Così, come in qualsiasi altro contesto, si finisce per essere dipendenti dall’assistenza. Una dipendenza che certo non è scomoda, ma che ti riduce ad essere un subordinato, un individuo che non è mai finito nella sua persona e nei suoi diritti. Non c’è parità e soprattutto un reciproco scambio. Il rifugiato sarà sempre colui che riceve, mai colui che darà.

 

 

Ma in ogni caso rifugiati non si nasce, si diventa; e ciascuno di loro decide come esserlo e come impersonare questa etichetta.
I somali e gli etiopi sono quelli del business e del commercio. Sono quelli che riescono a mantenere i legami con i propri parenti e amici rimasti in patria.
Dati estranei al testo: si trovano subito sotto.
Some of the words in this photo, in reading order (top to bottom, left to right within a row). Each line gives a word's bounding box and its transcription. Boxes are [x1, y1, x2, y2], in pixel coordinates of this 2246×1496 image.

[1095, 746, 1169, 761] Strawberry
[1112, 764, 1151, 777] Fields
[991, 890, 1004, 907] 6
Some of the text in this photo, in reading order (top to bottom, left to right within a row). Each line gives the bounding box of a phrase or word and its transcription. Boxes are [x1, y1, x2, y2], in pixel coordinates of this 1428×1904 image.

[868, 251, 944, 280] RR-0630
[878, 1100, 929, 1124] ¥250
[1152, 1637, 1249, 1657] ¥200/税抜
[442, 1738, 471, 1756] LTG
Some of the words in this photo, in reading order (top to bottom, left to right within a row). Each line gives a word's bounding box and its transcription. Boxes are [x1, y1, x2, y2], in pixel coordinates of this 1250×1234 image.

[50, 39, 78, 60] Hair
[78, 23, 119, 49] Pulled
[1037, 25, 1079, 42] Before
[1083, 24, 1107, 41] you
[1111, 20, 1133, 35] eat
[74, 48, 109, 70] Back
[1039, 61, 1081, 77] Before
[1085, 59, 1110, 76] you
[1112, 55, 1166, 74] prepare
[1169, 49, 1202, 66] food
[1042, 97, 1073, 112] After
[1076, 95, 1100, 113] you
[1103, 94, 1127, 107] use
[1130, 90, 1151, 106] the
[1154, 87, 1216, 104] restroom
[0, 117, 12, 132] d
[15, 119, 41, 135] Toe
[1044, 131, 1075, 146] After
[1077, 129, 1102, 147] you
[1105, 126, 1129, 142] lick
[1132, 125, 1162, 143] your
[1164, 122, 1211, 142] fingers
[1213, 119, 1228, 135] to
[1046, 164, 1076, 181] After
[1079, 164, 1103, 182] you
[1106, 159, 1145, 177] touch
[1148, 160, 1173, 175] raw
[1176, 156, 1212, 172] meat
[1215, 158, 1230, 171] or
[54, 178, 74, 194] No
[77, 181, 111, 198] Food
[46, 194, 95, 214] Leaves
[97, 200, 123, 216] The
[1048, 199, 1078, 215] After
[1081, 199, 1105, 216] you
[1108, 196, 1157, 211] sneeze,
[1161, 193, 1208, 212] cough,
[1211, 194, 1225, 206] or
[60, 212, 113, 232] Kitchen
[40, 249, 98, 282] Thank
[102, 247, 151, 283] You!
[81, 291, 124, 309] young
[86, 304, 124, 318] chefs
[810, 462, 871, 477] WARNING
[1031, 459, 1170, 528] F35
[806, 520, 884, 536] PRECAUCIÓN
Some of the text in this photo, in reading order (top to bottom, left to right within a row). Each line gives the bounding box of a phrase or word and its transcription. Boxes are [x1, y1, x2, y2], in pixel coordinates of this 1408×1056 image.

Ricevono soldi e li fanno fruttare. Hanno persino una banca interna al campo. Giorno dopo giorno la loro origine, la loro storia e la loro cultura si riproducono nelle strade del settlement. Le vie somale sono colorate, immerse nel profumo di spezie; ci sono ristoranti e negozietti. Gruppi di uomini si riuniscono attorno ad una radio per sentire le ultime notizie oltre frontiera. Le donne chiacchierano davanti casa, i bambini sfoggiano le loro biciclette nuove.
I ruandesi e i burundesi sono quelli che lavorano nei campi, che coltivano e allevano animali. Hanno una grande energia e un grande amore per la terra. Sono quelli che lottano per rimanere, per non essere rimpatriati. Potrebbero tornare nel loro paese, ma non saprebbero dove. Terre e case sono ormai altrui.
I congolesi sono quelli che più risentono della guerra. Sono quelli che rimangono a casa tutto il giorno, che dicono di essere stanchi ed esausti per poter coltivare. Sono quelli che non sanno come uscire dai propri ricordi, come cancellarli. Perché il passato è ancora presente, è recente nelle ferite, nelle parole e nelle persone che ancora oggi scappano e che arrivano nel campo. Per loro la violenza c’è ancora, così come la discriminazione e e i conflitti inter-etnici.

 

Christopher arriva da Uvira (provincia del Sud Kivu, Repubblica Democratica del Congo). La sua tribù è quella dei Banyamulenge, gruppo minoritario di Tutsi, “senza stato” e da sempre marginalizzato a causa di complessi conflitti storici e fattori politici all’interno e fuori dal Congo. Nel 1998 Christopher si trova in mezzo alla guerra tra i ribelli May May e Interahamwe. Suo padre, le sue sorelle e tre fratelli sono stati chiusi in casa dai ribelli e bruciati vivi. Ancora oggi non sa se sua madre e un fratello siano vivi o morti.
Fugge da solo, passando da Bukavu, da Goma e poi da Bunagana, fino ad arrivare nel settlement nel 2001. A quel tempo aveva 19 anni. All’inizio la vita nel campo non era facile per lui così giovane, per cui decide di spostarsi e di vivere in un paese vicino, ma la gente del posto comincia a perseguitarlo, perché Banyamulenge. Dal 2002 al 2009 vive in una chiesa, ma non senza difficoltà; si sente comunque minacciato e considerato “straniero”; comunque rifugiato, senza terra e documenti. Così nel 2009 decide di tornare nel settlement e di costruirsi la sua casa.
Oggi ha 32 anni, è solo, con la sua terra e le sue preghiere.

 

E’ così che si vive, senza sapere quanto tempo si starà ma senza desiderare un ritorno. Piccoli stati e grandi rancori si riproducono a macchia d’olio, come se si fosse destinati a vivere sempre gli stessi dolori in qualsiasi parte del mondo. Ci si pensa liberi, ma in realtà si è imprigionati nella morsa umanitaria e del dominio, senza un punto di ritorno né una via di uscita. Questa la grande sconfitta dell’Occidente, dal colonialismo al campo.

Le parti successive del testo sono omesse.